Yet even as companies improvise responses and gird themselves for severe, short-term losses, an unsettling fact remains. Even optimistic health officials believe current lockdown conditions are likely to remain with us for two months. President Trump has mentioned restrictions lasting until July or August. And officials in the U.K. have even warned that the epidemic could drag on into the spring of 2021.

Nobody knows how long this restrictive period will last, but the mere uncertainty of the pandemic’s duration calls into question just how well companies are equipped to manage a long-term disruption to their business. Taking it on the chin for the next quarter is one thing, but business may well be severely disrupted into the quarter after that—or longer.

“From an operational standpoint, most organizations right now are dealing with the immediate term, with how do we get people up and running and feeling connected culturally and having access to what they need,” said CBX chief engagement officer Satoru Wakeshima. “For the longer term, you have to question: How prepared are companies?”

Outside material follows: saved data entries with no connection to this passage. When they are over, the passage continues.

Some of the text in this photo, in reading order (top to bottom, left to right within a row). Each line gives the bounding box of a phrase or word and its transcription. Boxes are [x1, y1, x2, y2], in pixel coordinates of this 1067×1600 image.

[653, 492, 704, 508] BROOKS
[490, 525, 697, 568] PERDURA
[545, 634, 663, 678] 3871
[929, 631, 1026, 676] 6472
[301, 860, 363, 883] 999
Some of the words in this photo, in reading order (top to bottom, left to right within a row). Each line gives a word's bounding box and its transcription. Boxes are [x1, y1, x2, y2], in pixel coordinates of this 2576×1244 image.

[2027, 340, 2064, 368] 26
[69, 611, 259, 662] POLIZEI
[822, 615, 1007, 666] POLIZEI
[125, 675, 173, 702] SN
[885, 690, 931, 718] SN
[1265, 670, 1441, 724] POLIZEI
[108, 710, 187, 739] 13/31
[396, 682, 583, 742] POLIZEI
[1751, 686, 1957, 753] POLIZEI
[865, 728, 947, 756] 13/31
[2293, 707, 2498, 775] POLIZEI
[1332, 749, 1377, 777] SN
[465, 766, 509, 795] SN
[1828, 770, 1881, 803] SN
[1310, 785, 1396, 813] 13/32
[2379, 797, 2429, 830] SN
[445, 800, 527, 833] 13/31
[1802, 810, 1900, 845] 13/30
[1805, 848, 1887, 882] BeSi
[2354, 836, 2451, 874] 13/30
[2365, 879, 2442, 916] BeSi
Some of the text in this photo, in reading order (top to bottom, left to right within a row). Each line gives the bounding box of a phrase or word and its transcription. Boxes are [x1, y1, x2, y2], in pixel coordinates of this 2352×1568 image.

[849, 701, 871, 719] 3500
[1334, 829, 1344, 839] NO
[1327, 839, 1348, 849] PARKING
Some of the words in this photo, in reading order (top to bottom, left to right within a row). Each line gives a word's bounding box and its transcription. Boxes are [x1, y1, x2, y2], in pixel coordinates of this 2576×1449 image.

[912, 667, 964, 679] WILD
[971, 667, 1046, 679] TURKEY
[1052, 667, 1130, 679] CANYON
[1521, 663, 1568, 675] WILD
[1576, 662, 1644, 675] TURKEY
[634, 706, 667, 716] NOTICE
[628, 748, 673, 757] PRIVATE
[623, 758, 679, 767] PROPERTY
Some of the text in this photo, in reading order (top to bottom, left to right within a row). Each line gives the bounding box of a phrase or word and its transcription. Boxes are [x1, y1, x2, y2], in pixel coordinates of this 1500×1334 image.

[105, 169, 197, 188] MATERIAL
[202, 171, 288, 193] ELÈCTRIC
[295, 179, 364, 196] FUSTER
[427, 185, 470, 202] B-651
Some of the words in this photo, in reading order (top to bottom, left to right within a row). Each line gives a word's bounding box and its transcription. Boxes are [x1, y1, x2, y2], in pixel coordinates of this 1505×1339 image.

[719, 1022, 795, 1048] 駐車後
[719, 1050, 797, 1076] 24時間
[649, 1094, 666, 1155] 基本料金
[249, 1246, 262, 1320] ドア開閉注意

That’s hard to know exactly, since most of them are either not talking or sticking with general statements about the immediate steps they’re taking such as implementing work-from-home procedures and shifting as much business as possible to online and delivery models. A Coca-Cola spokesperson told Adweek that “we are all taking it day by day as we receive updates from health officials and the government.” A spokesperson for Walgreens said that “the situation remains very fluid” and that the company is “working around the clock to monitor the situation.”

While that situation develops, however, analysts and economic experts say changes in the long-term business picture will be just as critical as the immediate challenges brands are facing right now. If there is good news, though, it’s that much of the distant-horizon planning can be done while simultaneously addressing some of today’s issues.

It’s time to address technological shortfalls

Douglas Laney, data and analytics principal at Caserta and the author of Infonomics, observed that a number of organizations are presently scrambling just to equip employees to work from home—including many who’ve never had to work remotely before.

Companies are scrambling to equip employees to work from home.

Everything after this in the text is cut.